**WHAT TO DO**
Nothing but the lines from the one containing "this 1600×1200 image." through the last line of the data below should be returned, each exactly as it stands, pictures excluded.

**INFORMATION SUPPLIED**
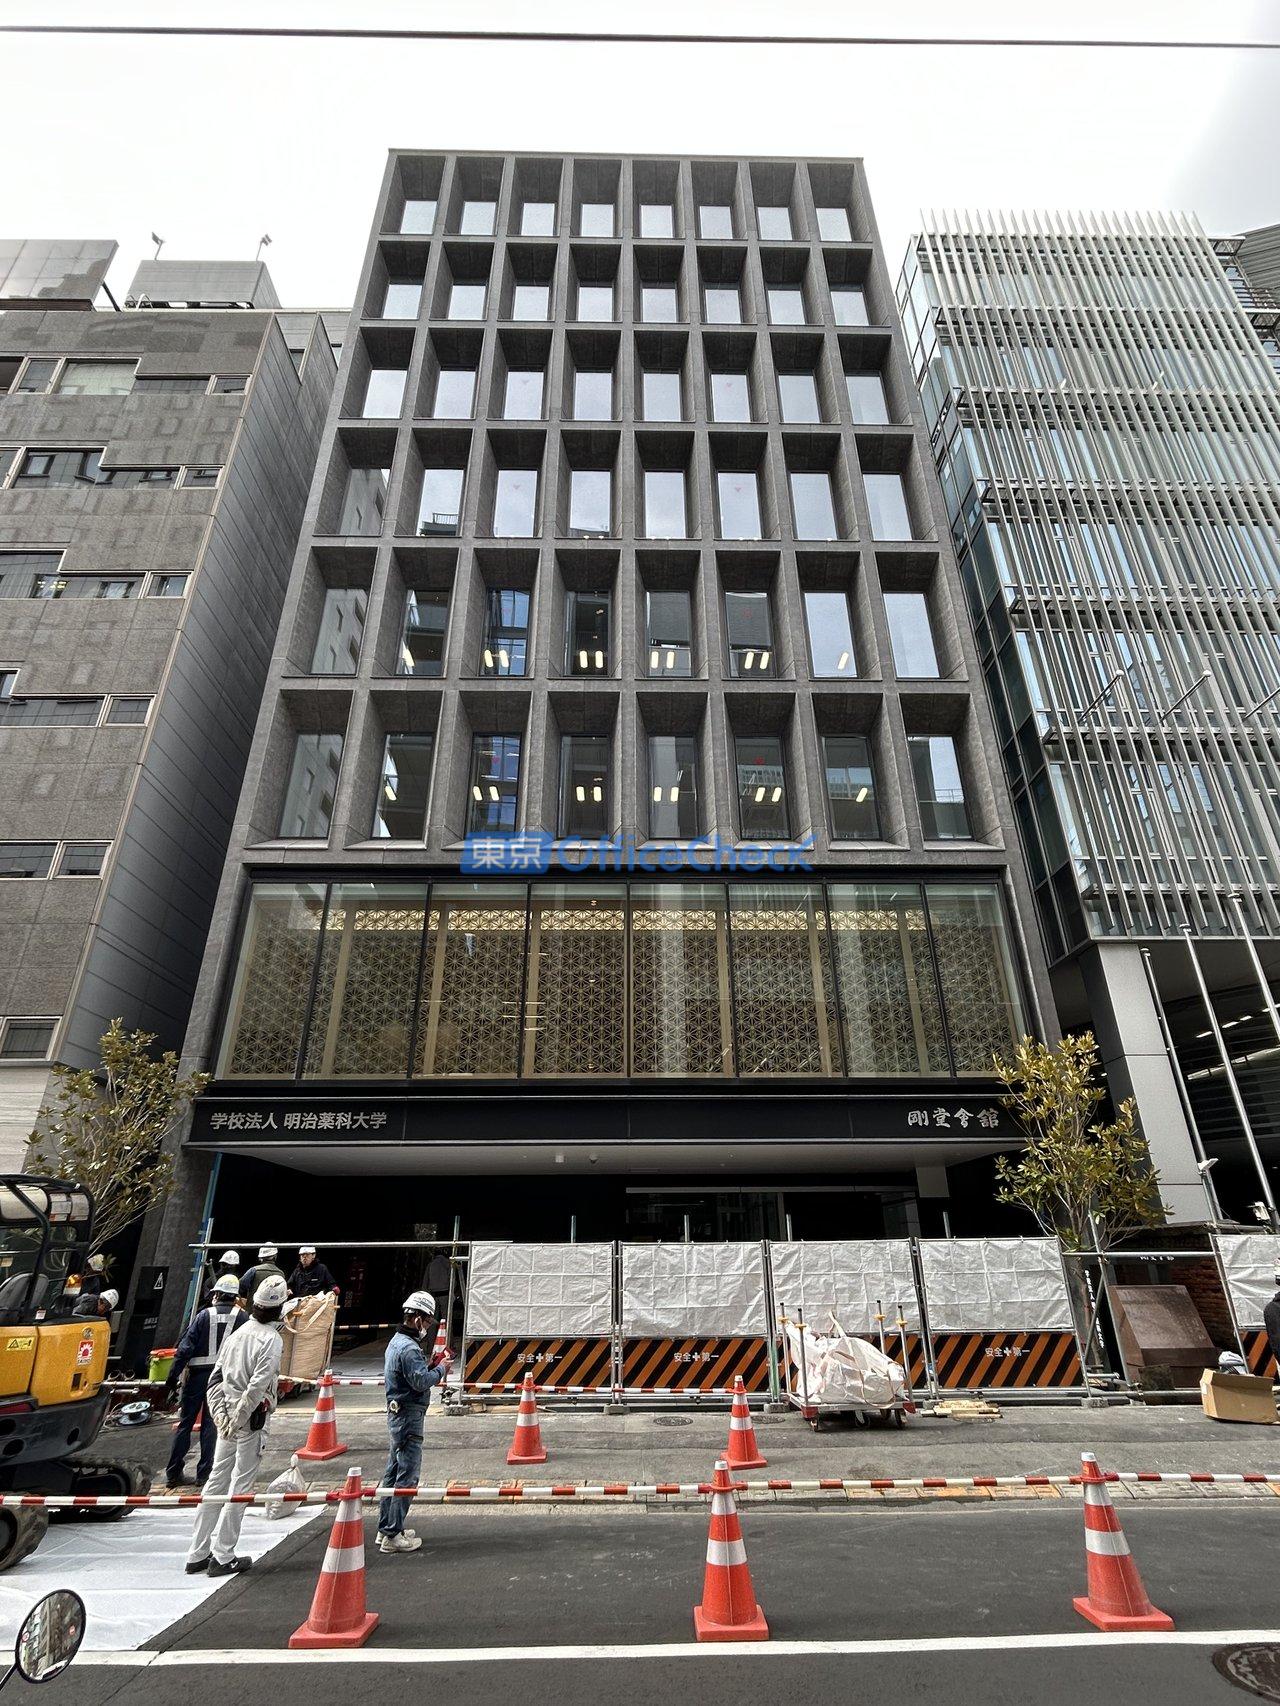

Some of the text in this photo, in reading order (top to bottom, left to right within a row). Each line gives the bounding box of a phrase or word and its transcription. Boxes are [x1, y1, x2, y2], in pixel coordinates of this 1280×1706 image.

[210, 1112, 387, 1130] 学校法人 明治薬科大学
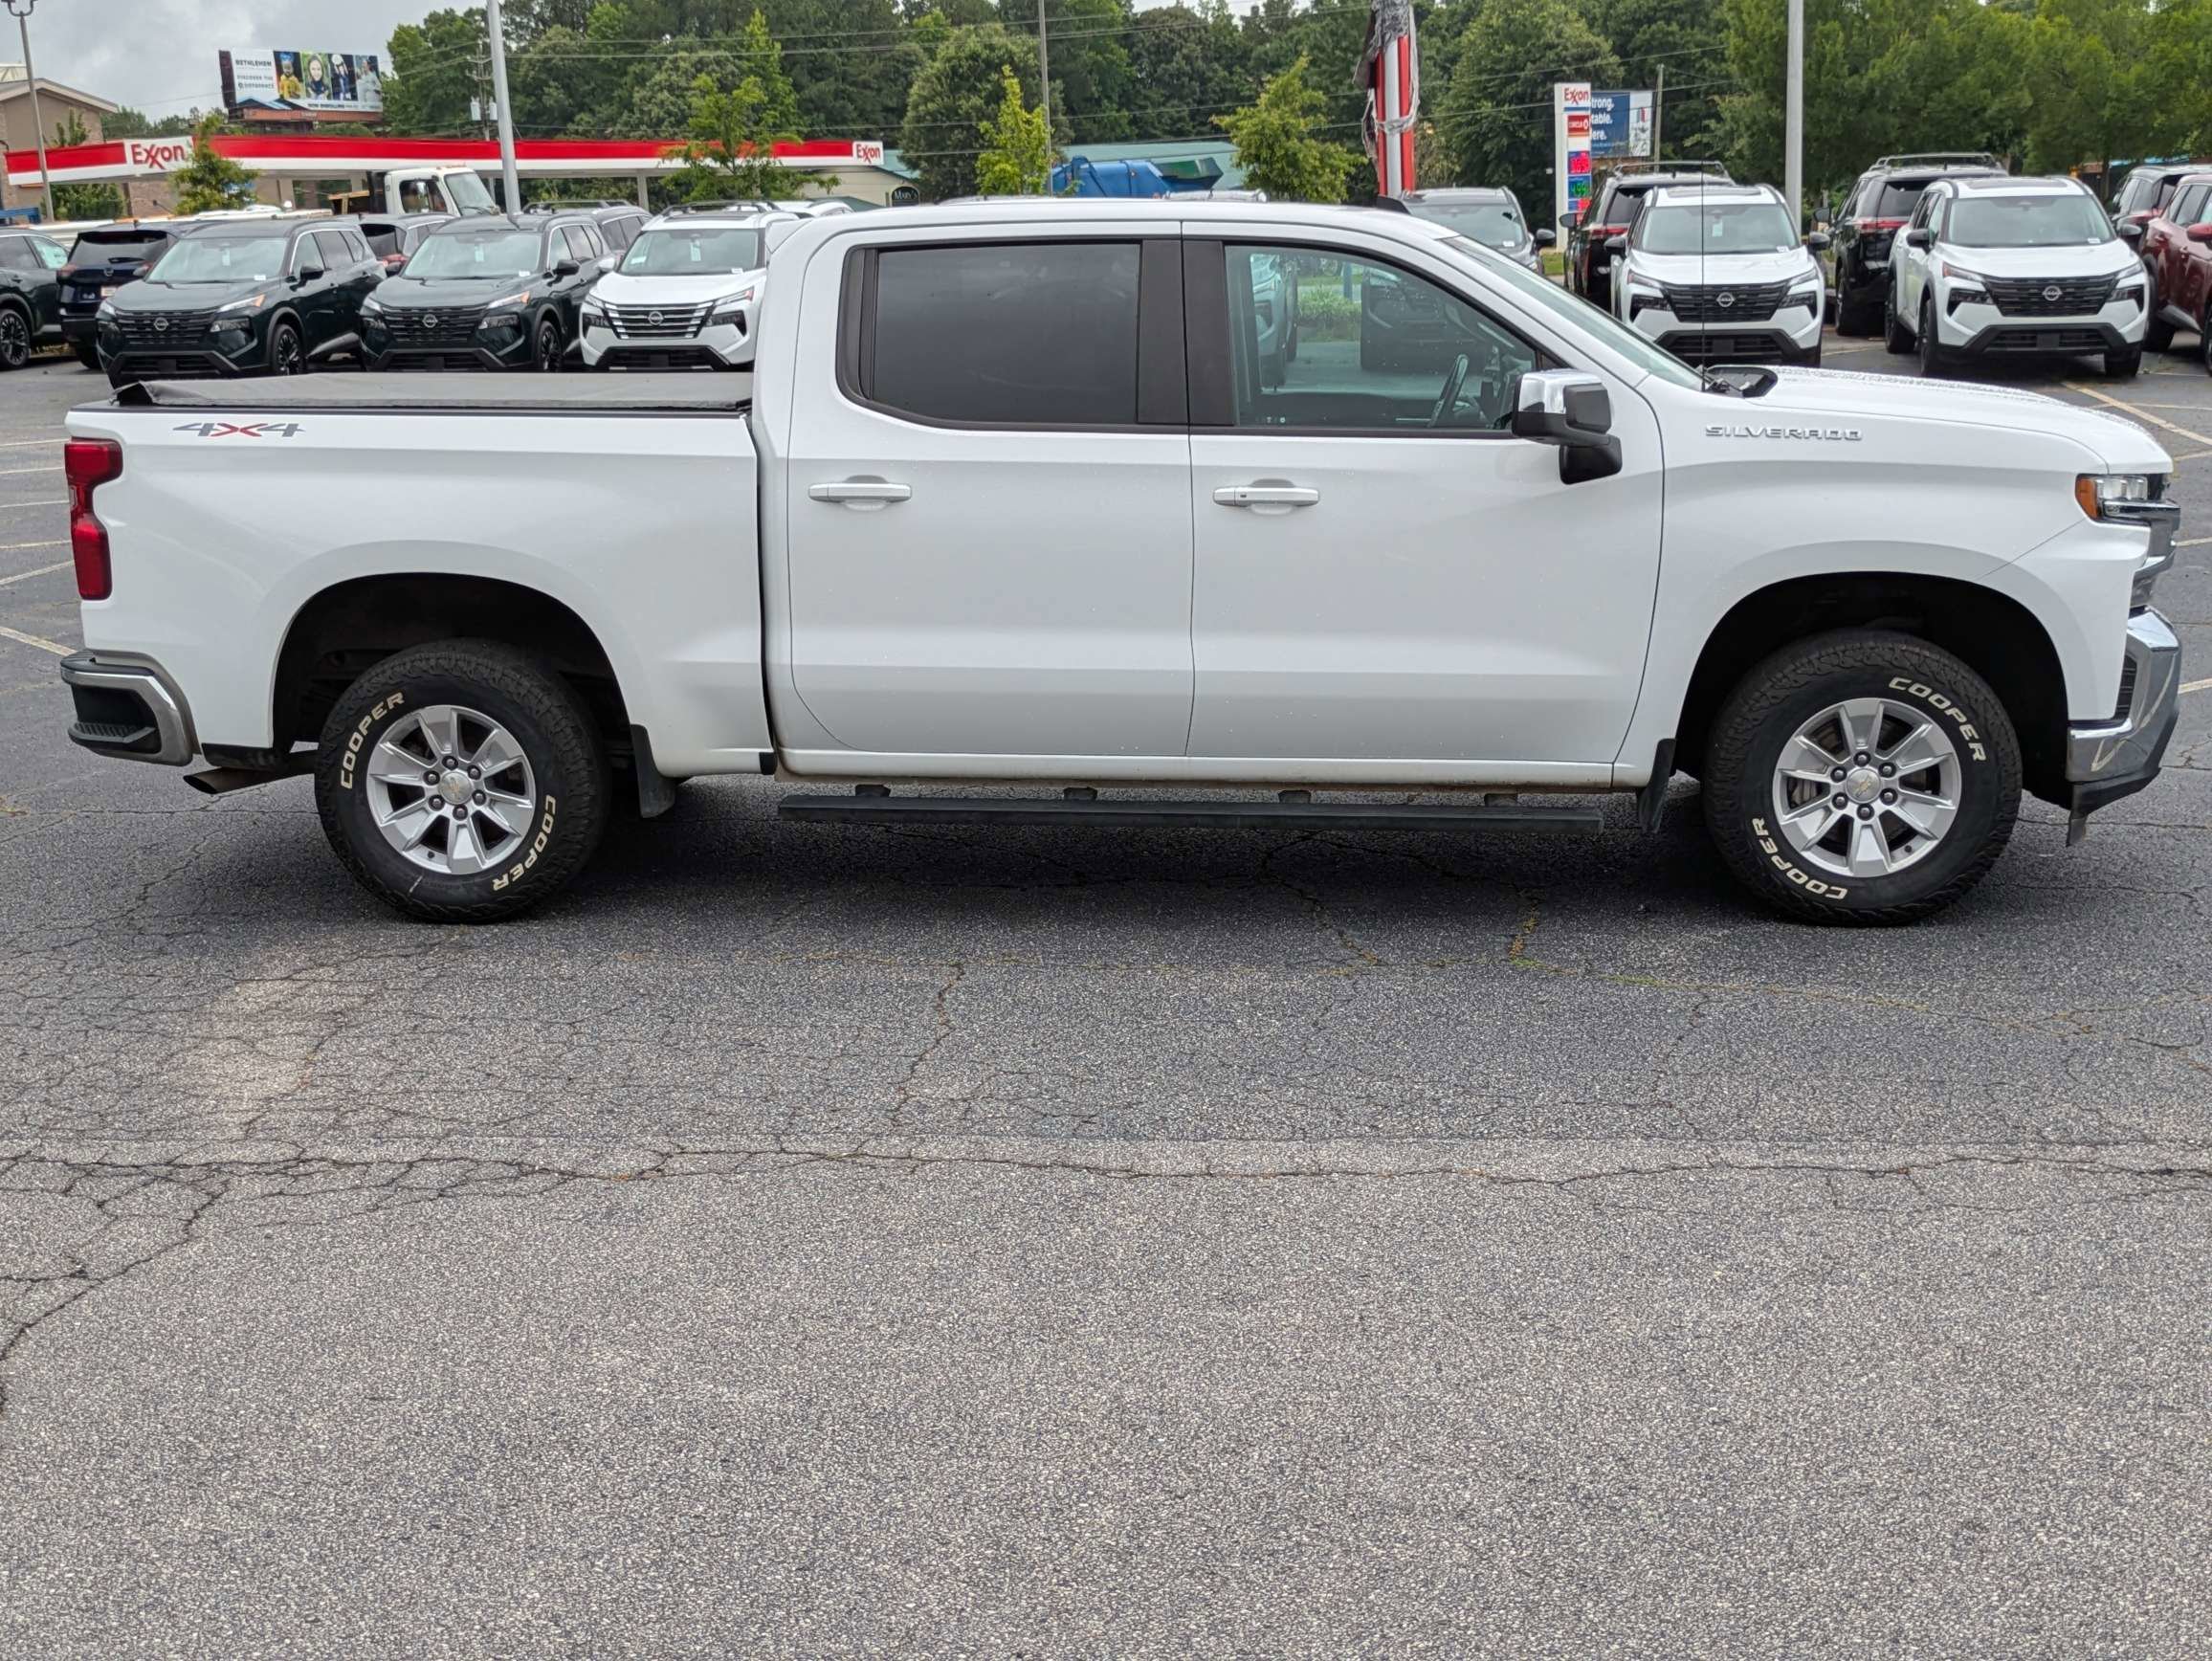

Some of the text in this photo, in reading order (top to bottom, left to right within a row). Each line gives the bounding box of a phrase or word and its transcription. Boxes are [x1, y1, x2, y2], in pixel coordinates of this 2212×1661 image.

[1563, 87, 1588, 105] Exxon
[1591, 112, 1613, 124] table.
[1592, 129, 1607, 141] ere.
[130, 143, 186, 170] Exxon
[855, 144, 881, 165] Exxon
[1705, 424, 1863, 442] SILVERADO
[1888, 675, 1987, 762] COOPER
[341, 691, 406, 789] COOPER
[492, 795, 557, 892] COOPER
[1751, 816, 1848, 900] COOPER
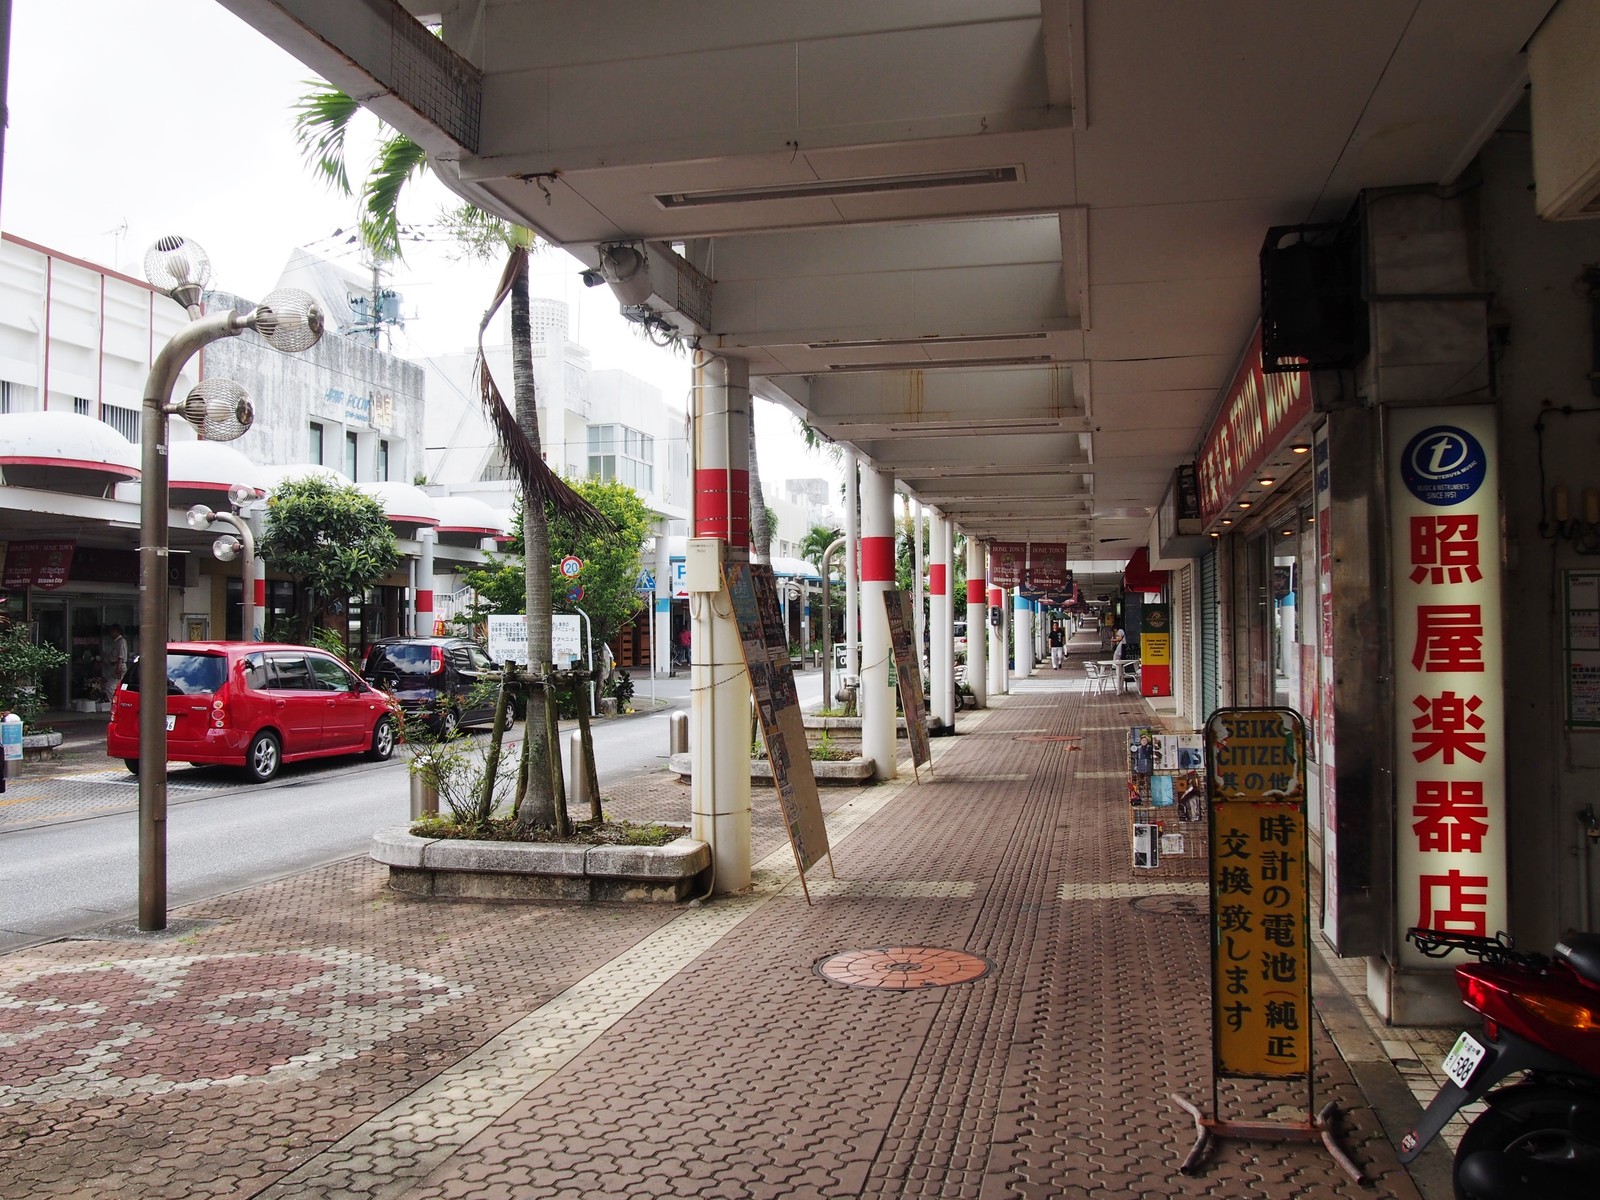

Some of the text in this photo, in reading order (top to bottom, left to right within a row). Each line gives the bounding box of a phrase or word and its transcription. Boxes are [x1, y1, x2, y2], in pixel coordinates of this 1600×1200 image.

[565, 562, 578, 574] 20
[1408, 514, 1489, 942] 照屋楽器店
[1218, 828, 1254, 1033] 交換致します
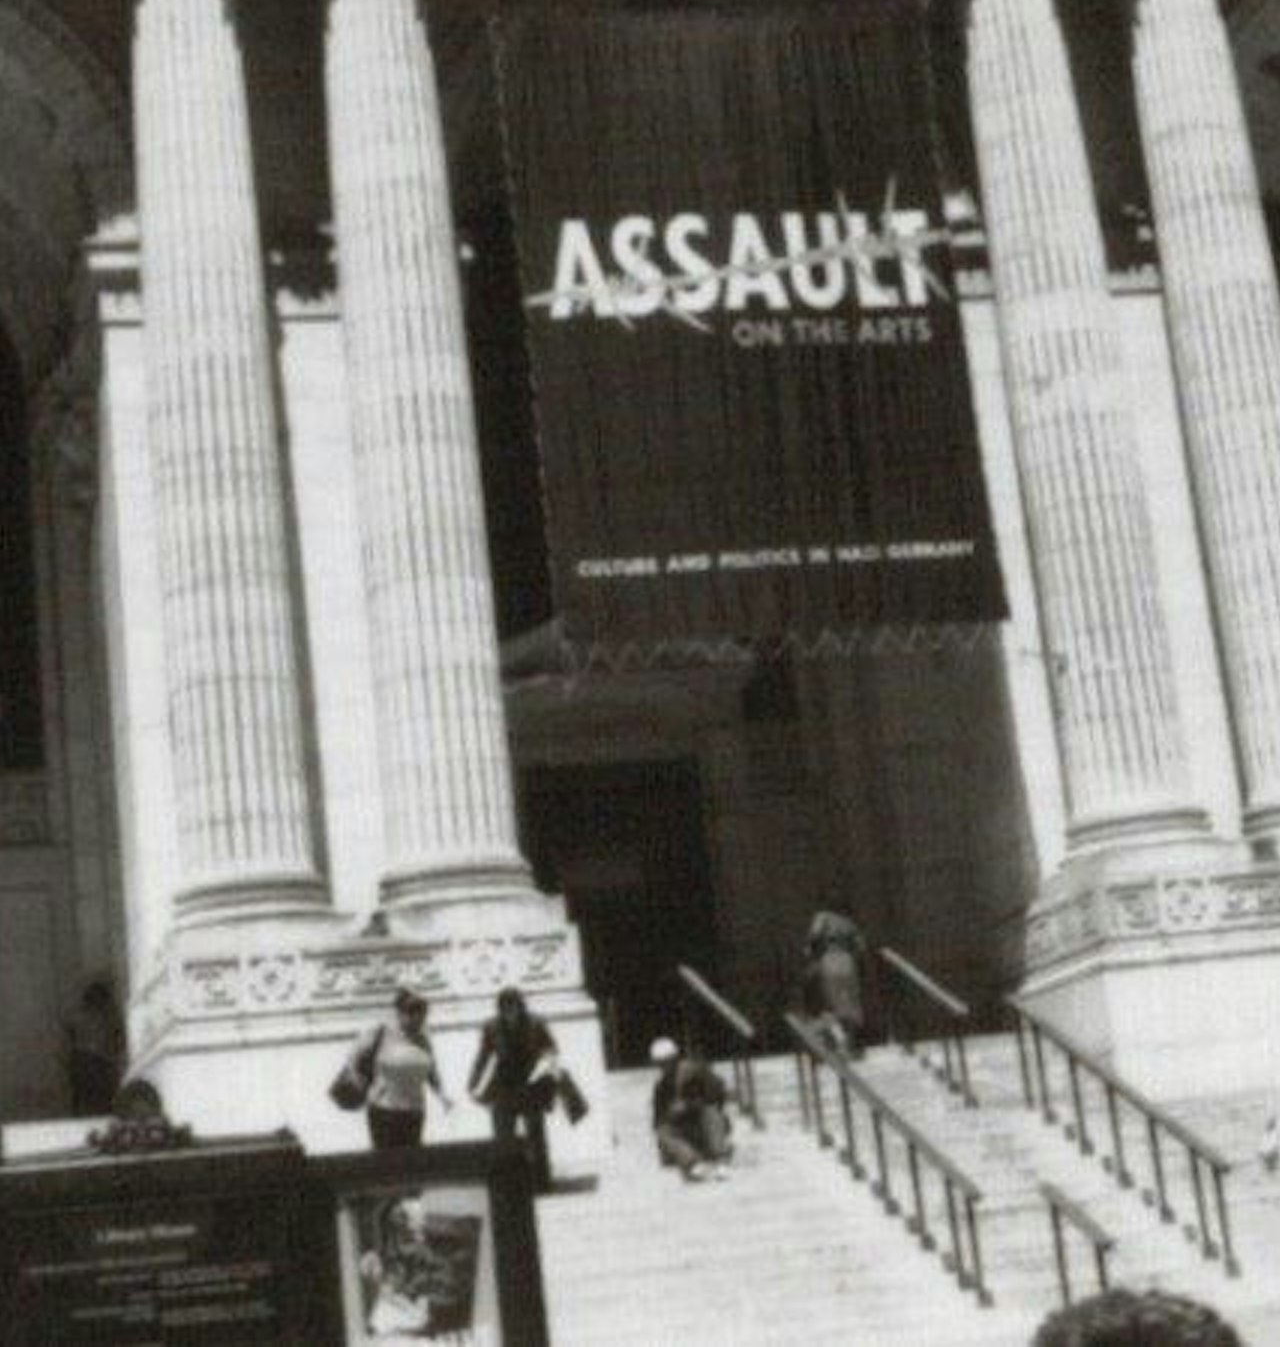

**ANSWER SECTION**
Some of the text in this photo, in reading order (top to bottom, left to right within a row). Each line gives the bounding box of a phrase or word and its transcription. Boxes are [x1, y1, x2, y2], in pixel coordinates of this 1600×1200 image.

[565, 562, 578, 574] 20
[1408, 514, 1489, 942] 照屋楽器店
[1218, 828, 1254, 1033] 交換致します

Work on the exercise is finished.